▶ **Required work**:
The entries are to be reproduced word for word, with all images left out.

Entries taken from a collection
# # # # #
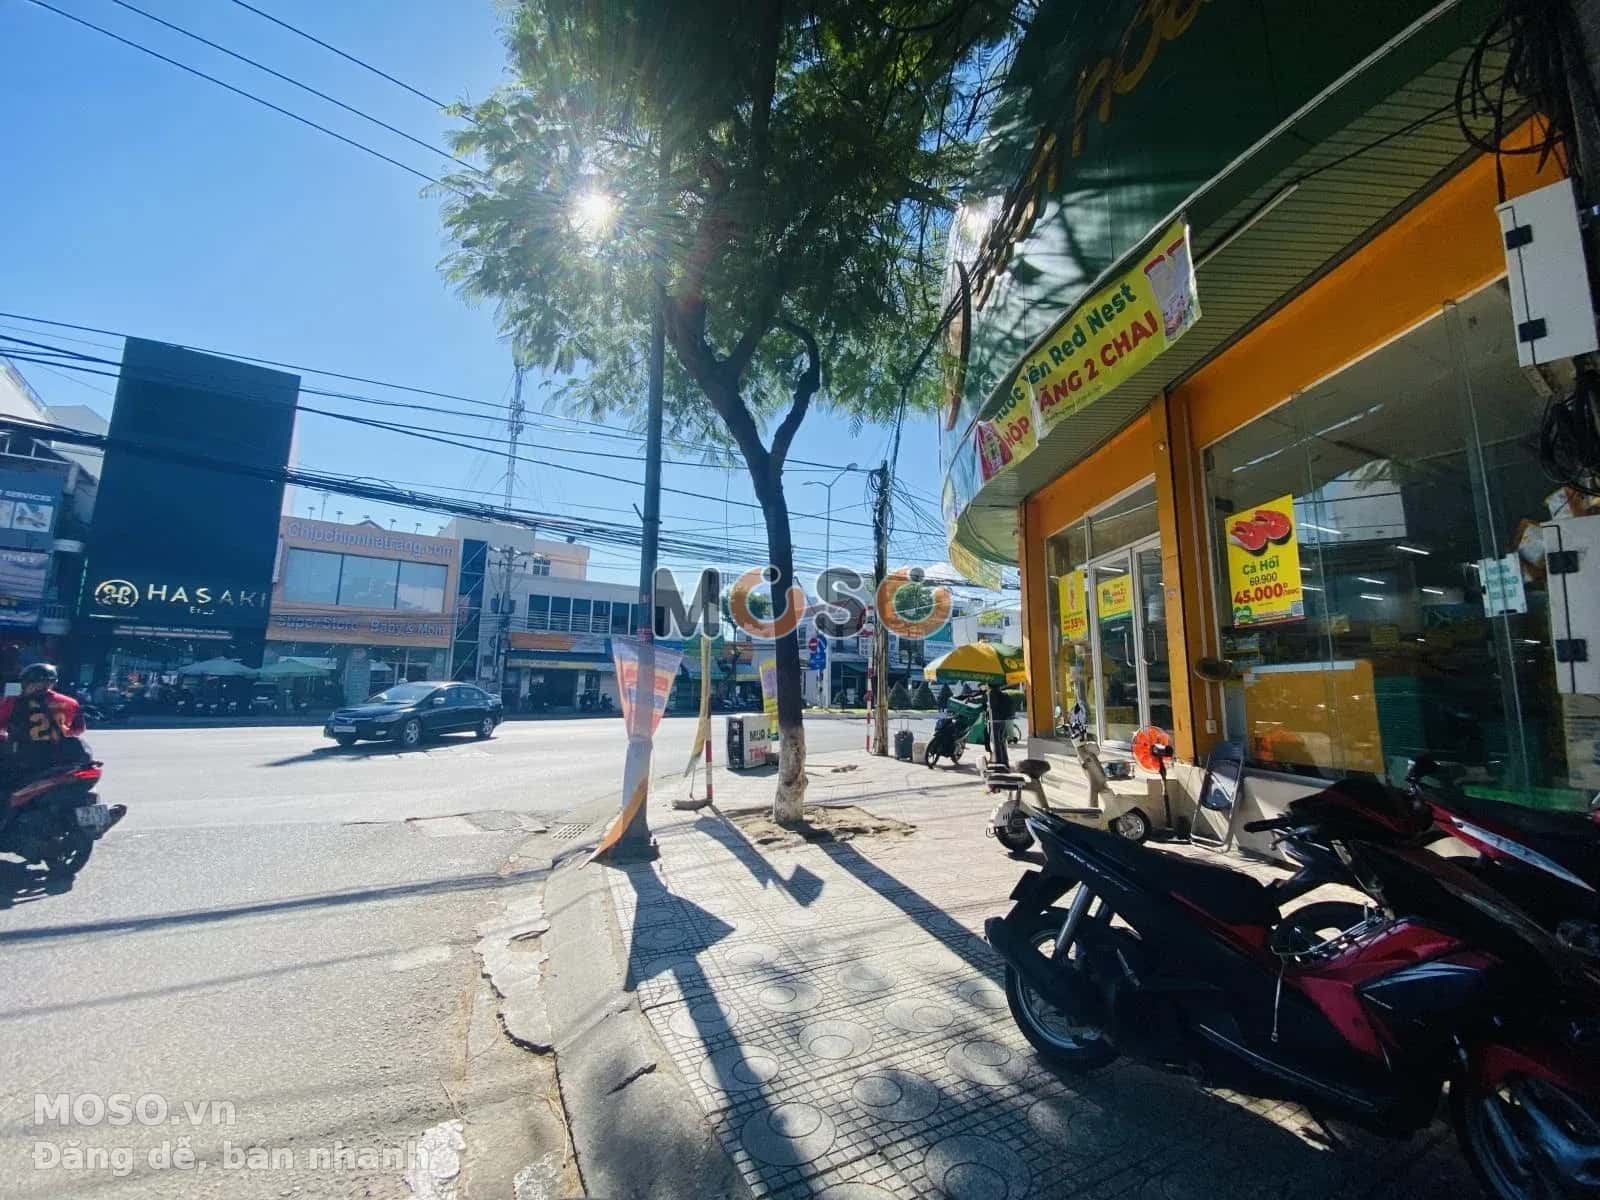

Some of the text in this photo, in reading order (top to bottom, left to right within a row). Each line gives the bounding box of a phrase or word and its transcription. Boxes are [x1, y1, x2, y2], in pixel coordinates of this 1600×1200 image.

[1048, 323, 1087, 366] Red
[1086, 282, 1137, 336] Nest
[1083, 358, 1100, 381] 2
[1100, 309, 1159, 367] CHAI
[148, 583, 266, 609] HASAKI
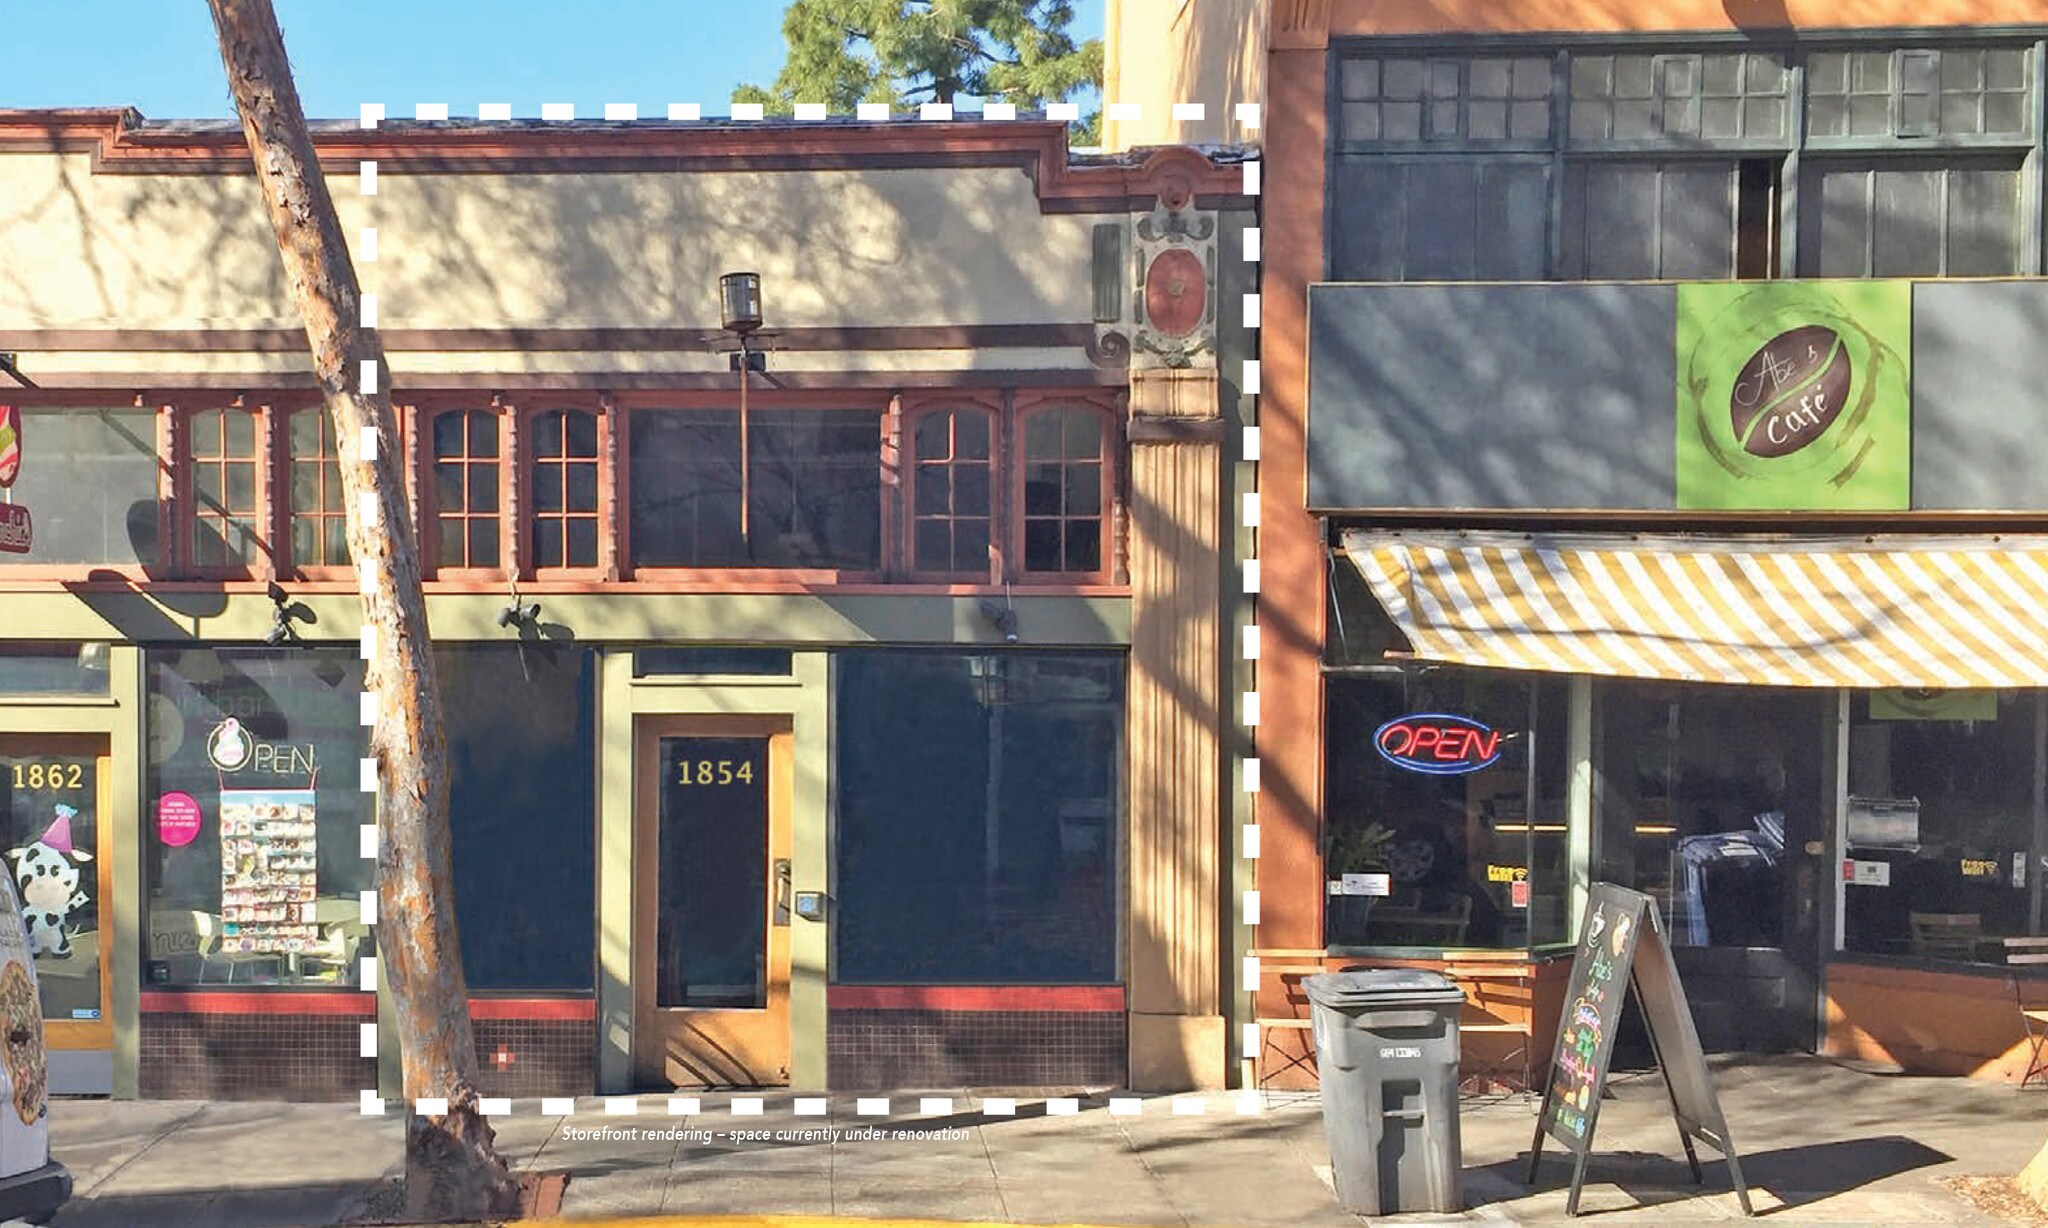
# # # # #
▶ **Reply**:
Some of the text in this photo, in reading order (top to bottom, left to right within a row). Each line gives the bounding box of a phrase or word and its transcription. Boxes are [x1, y1, x2, y2], in pixel coordinates of this 1600×1200 image.

[1048, 323, 1087, 366] Red
[1086, 282, 1137, 336] Nest
[1083, 358, 1100, 381] 2
[1100, 309, 1159, 367] CHAI
[148, 583, 266, 609] HASAKI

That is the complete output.